Beyond this very drafty home page, the first pages you'll find here are sample “Item” pages for five tunes from the Kiselgof-Makonovetsky Digital Manuscript Project (KMDMP) from the Motl Reyder notebook (heft). We'll be adding more tunes, browsing, and searching capabilities soon. Our Phase II NEH Digital Humanities Advancement Grant was terminated mid-stream in 2025. You can support continuing work on the Klezmer Archive Project by making a donation to the Klezmer Institute.
About the Klezmer Archive Project
The Klezmer Archive Project (KA) is creating a universally accessible digital archival tool for interaction, discovery, and research on available information about klezmer music and its network of contemporary and historical people. Taking individual melodies as the primary artifact, the digital archive will integrate existing tools and archival methods in novel ways to facilitate search and discovery rooted in the needs of its contemporary heritage community. Tooling and frameworks developed for the Klezmer Archive project will be available for heritage communities to adapt for their own domain-specific uses, and will be particularly useful for the preservation and study of intangible cultural heritage.
The project team is exploring newly-available open source knowledge engine technologies for organizing and validating heritage-based information, and is the first team to explore use of these tools in the Digital Humanities. The KA team is also one of the first (to our knowledge) to experiment with modeling music data directly in a knowledge graph.
The Project completed a period of research and development supported by a two-year Phase I NEH Digital Humanities Advancement Grant (DHAG) from 2021- 2022 followed by a Phase II NEH DHAG from 2023-2025. The outcome of the Phase I grant was a white paper that described the problem space and identified the core technical elements that will be integrated together to achieve the tool that could be called the Klezmer Archive as described in the project scope. Though cut short by the termination of NEH funding in April 2025, the Phase II grant involved prototyping and testing of various components of the tool.

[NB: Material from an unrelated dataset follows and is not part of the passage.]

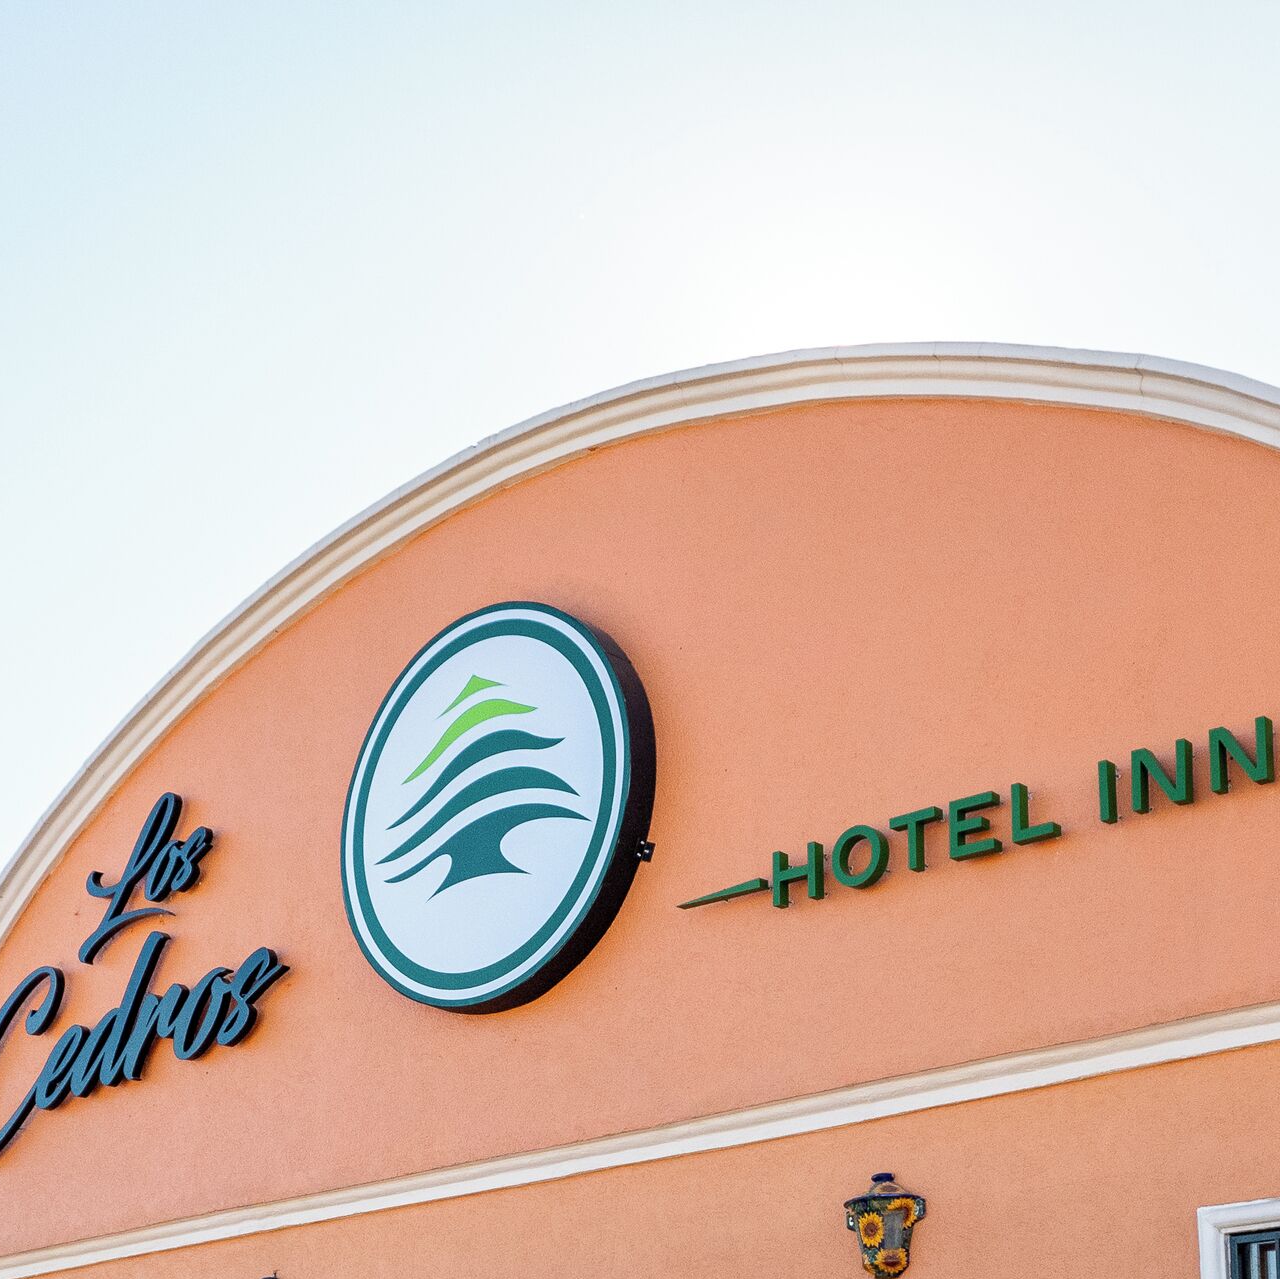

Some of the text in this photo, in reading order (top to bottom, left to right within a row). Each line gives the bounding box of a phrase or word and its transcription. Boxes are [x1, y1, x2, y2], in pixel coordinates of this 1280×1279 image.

Read the Klezmer Archive Phase I White Paper
Visit the Klezmer Archive Dev Blog
The Klezmer Archive Project is an initiative of the Klezmer Institute. See what else we're up to at our website.
About These Demo Pages
This website was designed in collaboration between the Klezmer Archive Project and the web design firm Clearleft in the UK.We are incredibly grateful to Clearleft for turning our vision and technical needs into a stunning visual design that will grow as our site expands. One of Clearleft's founders is Jeremy Keith, who created The Session, a community website dedicated to Irish music.Our thinking about the Klezmer Archive as a gathering place for contemporary klezmer musicians was deeply influenced by The Session, and our work is inspired by the thriving community that uses it as a site for discovery, discussion, and documentation. Clearleft is a champion of simple, standards-driven, and accessible web development, which matched our technical needs well. They also built on the design work from the KMDMP NEH Scholarly Editions grant by Cory Rockliff, and user experience research with klezmer community members and the KA team led by Schyler VerSteeg. The result is a visual design language that fit our brief to be serious without being stuffy, and that is able to visually organize the large amounts of data that will be available about tunes and people found in the archive space.
Read more about our collaboration with Clearleft in their case study.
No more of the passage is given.